The convicted men were part of the "Herma Goehring" division which had tried to break the back of the Italian resistance and indiscriminately slaughtered civilians, including 140 in the Modena region alone, they said.
The sentences were also for massacres carried out in other parts of the Emilia Romagna region and near Arezzo in Tuscany.
"Finally there has been justice for the victims and their relatives and a bloody page of history can be closed," plaintiff Demos Malavasi from Modena told the Corriere della Sera.
"Sixty-seven years have passed, but at least they didn't pass in vain," he added.

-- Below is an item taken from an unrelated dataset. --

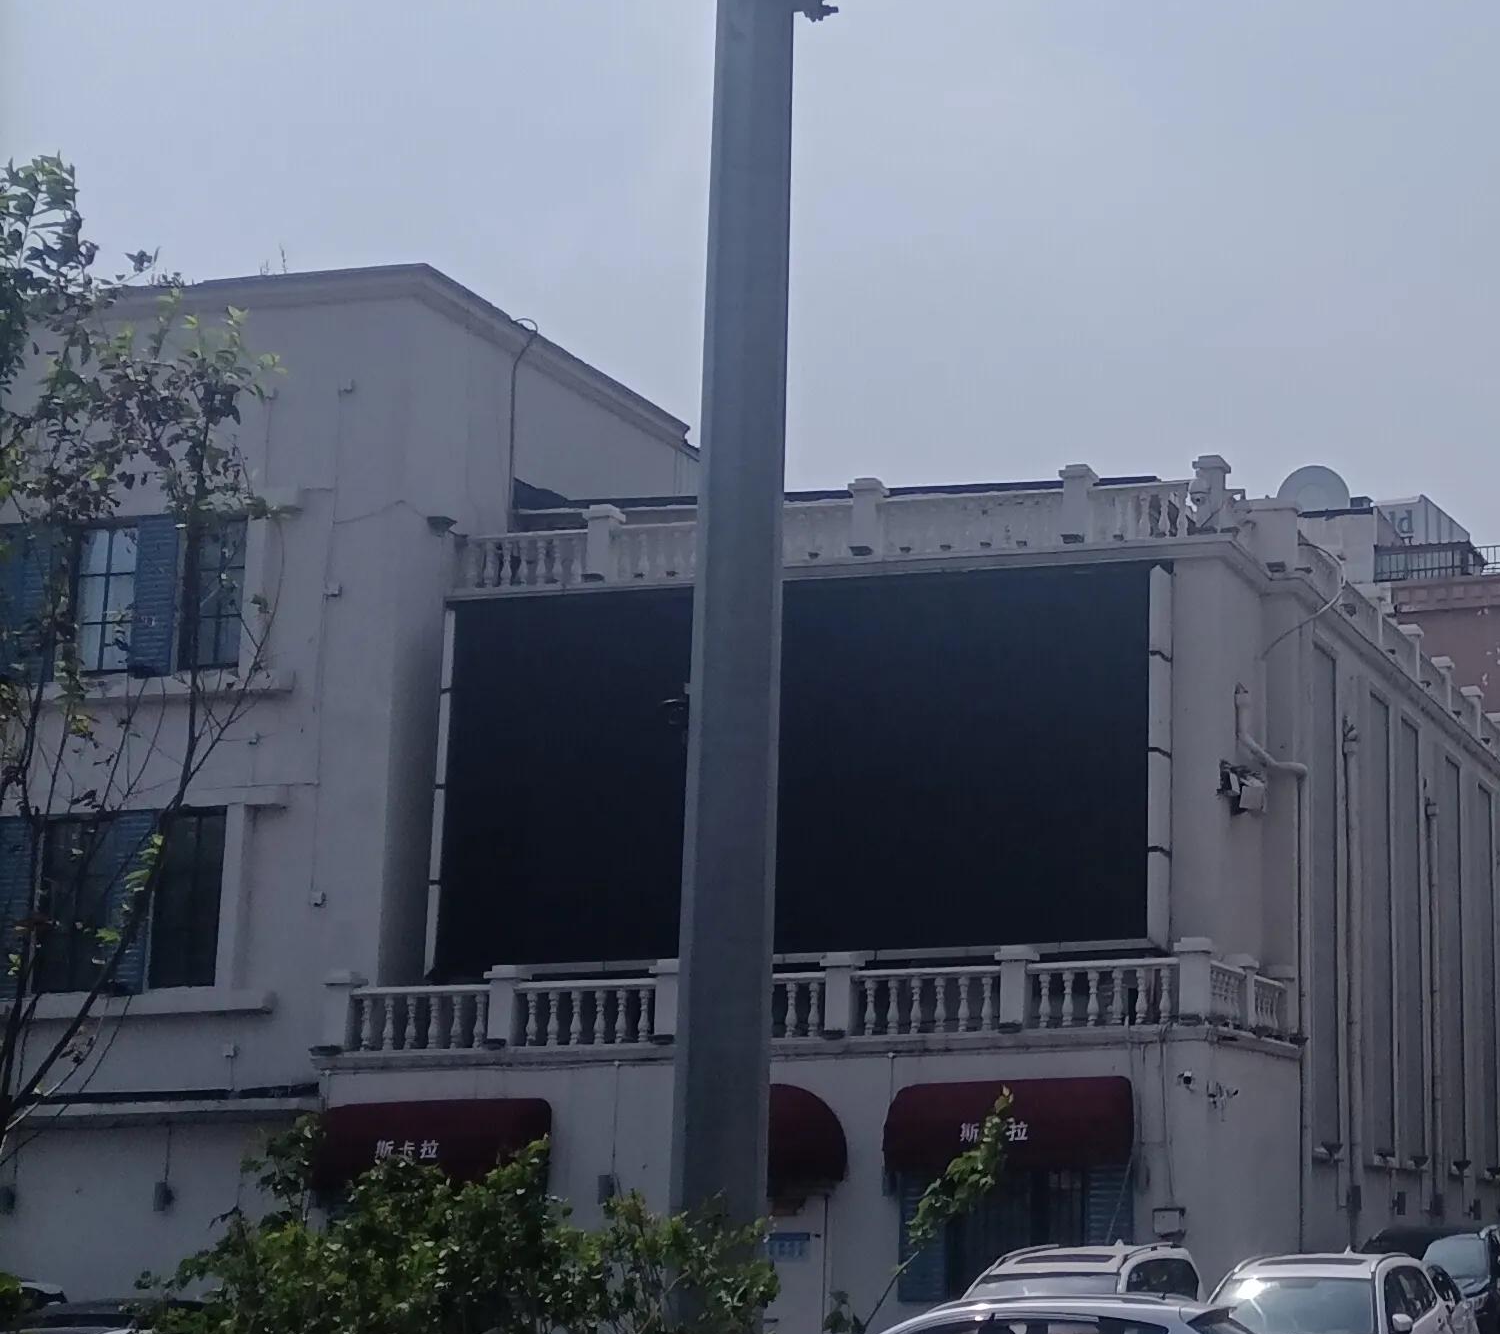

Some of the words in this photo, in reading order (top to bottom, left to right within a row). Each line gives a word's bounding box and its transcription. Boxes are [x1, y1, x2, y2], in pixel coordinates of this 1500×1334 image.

[960, 1121, 1029, 1143] 斯拉
[375, 1139, 440, 1160] 斯卡拉

Judge Vincenzo Santoro, who read out the sentences yesterday in court, said charges had been dropped against three other men, now deceased.
But 90-year old Wilhelm Karl Stark, a sergeant at the time, was given a life sentence along with 93-year old Ferdinand Osterhaus, an second lieutenant, and 91-year old Helmut Odenwald, then a captain.
Herbert Wilke, 92, Erich Koeppe, 91 and Hans Georg Karl Winkler and Karl Friedrich Mess -- both in their 80s -- were also handed life sentences.
Relatives of the victims who had travelled to the Verona court house along with local mayors, sat in the public gallery as the court ruled that the convicted men also pay them compensation, the Corriere reported.